Material provided:

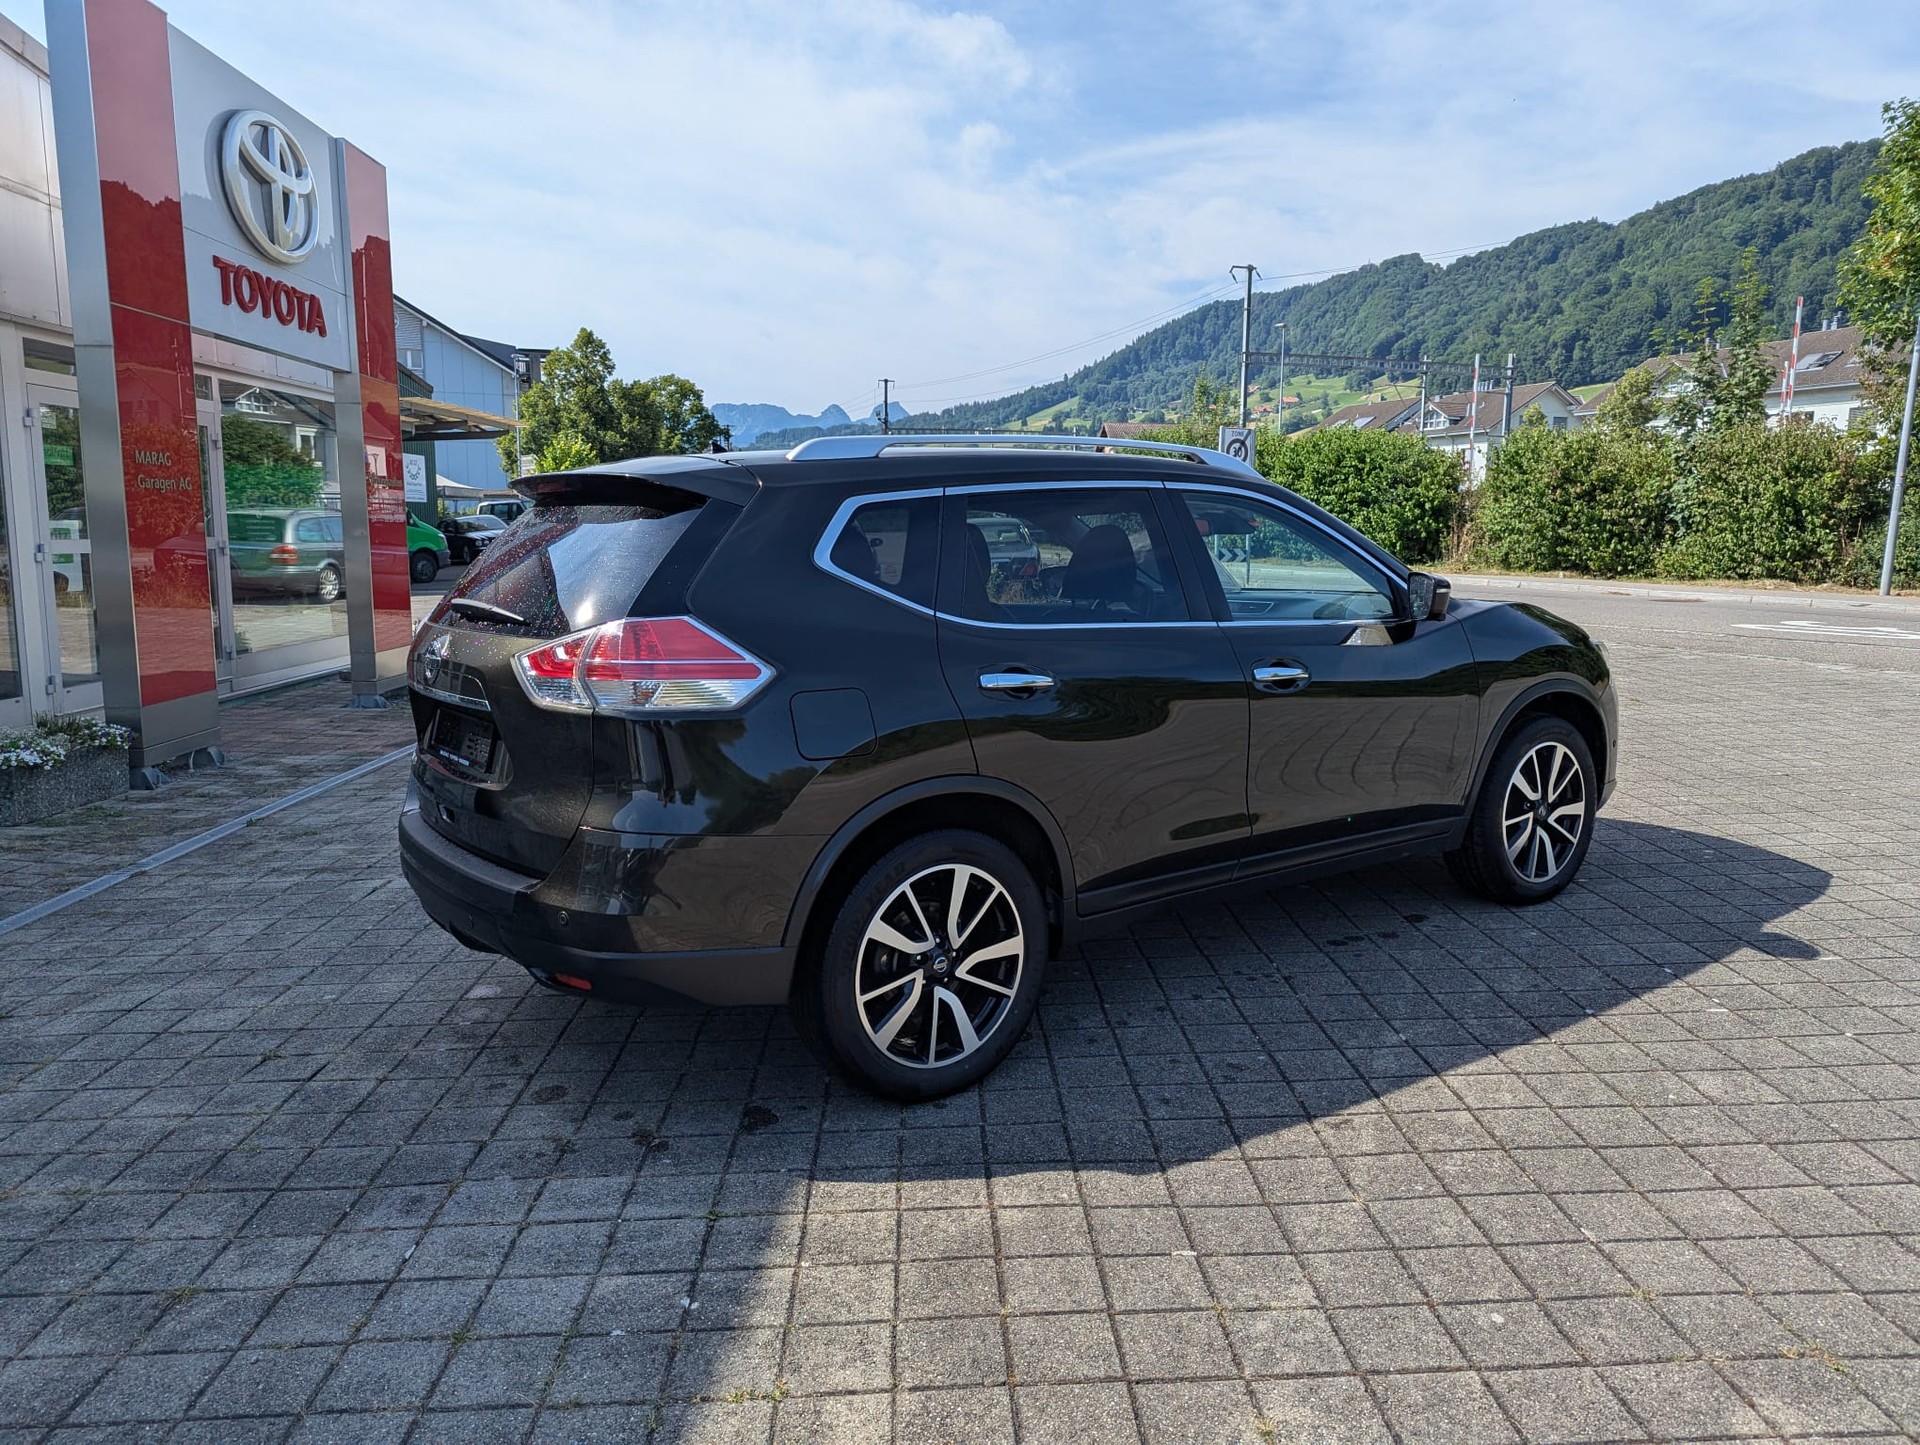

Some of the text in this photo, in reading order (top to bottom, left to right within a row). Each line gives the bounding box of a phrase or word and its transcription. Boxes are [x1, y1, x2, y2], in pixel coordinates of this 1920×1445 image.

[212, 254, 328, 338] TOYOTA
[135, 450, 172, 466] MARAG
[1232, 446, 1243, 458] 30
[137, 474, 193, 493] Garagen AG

Work instructions: Give back the whole listing exactly, without pictures.

Response to the task:
Some of the text in this photo, in reading order (top to bottom, left to right within a row). Each line gives the bounding box of a phrase or word and its transcription. Boxes are [x1, y1, x2, y2], in pixel coordinates of this 1920×1445 image.

[212, 254, 328, 338] TOYOTA
[135, 450, 172, 466] MARAG
[1232, 446, 1243, 458] 30
[137, 474, 193, 493] Garagen AG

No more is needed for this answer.